ACTIVITY: Retype precisely the section of the data that starts at the line containing "this 2000×1000 image." and runs to its final line, ends included.
──────────────────────────────
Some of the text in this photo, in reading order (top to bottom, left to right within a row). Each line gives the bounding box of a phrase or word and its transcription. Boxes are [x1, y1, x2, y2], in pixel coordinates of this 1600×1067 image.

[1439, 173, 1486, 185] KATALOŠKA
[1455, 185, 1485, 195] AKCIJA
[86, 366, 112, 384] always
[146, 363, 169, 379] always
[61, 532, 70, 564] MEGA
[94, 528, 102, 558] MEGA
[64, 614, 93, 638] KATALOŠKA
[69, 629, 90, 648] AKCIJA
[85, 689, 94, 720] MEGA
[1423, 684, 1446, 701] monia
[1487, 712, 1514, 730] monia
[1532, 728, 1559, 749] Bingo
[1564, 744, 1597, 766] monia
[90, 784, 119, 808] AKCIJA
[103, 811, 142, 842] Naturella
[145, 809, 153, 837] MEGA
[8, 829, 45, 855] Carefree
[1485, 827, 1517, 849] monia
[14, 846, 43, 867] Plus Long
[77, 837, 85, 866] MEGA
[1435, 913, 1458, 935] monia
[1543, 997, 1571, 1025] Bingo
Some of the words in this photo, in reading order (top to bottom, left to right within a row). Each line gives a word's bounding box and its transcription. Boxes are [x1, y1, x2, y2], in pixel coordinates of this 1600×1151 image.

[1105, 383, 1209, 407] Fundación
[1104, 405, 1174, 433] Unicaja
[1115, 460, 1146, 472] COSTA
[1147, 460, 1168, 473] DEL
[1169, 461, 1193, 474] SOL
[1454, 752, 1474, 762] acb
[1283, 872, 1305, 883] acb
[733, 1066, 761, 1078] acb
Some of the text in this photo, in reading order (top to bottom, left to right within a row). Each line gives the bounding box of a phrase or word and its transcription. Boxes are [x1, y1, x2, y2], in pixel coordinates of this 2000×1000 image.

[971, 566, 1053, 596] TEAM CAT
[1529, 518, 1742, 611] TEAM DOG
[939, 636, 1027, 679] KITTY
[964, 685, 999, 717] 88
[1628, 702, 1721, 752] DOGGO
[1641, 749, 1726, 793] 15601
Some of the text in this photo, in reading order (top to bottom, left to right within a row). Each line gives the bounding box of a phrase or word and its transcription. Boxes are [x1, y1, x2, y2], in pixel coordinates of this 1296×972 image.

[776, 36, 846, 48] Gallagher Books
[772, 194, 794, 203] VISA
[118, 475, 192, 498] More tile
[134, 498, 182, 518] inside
──────────────────────────────
RESPONSE TO THE TASK:
Some of the text in this photo, in reading order (top to bottom, left to right within a row). Each line gives the bounding box of a phrase or word and its transcription. Boxes are [x1, y1, x2, y2], in pixel coordinates of this 2000×1000 image.

[971, 566, 1053, 596] TEAM CAT
[1529, 518, 1742, 611] TEAM DOG
[939, 636, 1027, 679] KITTY
[964, 685, 999, 717] 88
[1628, 702, 1721, 752] DOGGO
[1641, 749, 1726, 793] 15601
Some of the text in this photo, in reading order (top to bottom, left to right within a row). Each line gives the bounding box of a phrase or word and its transcription. Boxes are [x1, y1, x2, y2], in pixel coordinates of this 1296×972 image.

[776, 36, 846, 48] Gallagher Books
[772, 194, 794, 203] VISA
[118, 475, 192, 498] More tile
[134, 498, 182, 518] inside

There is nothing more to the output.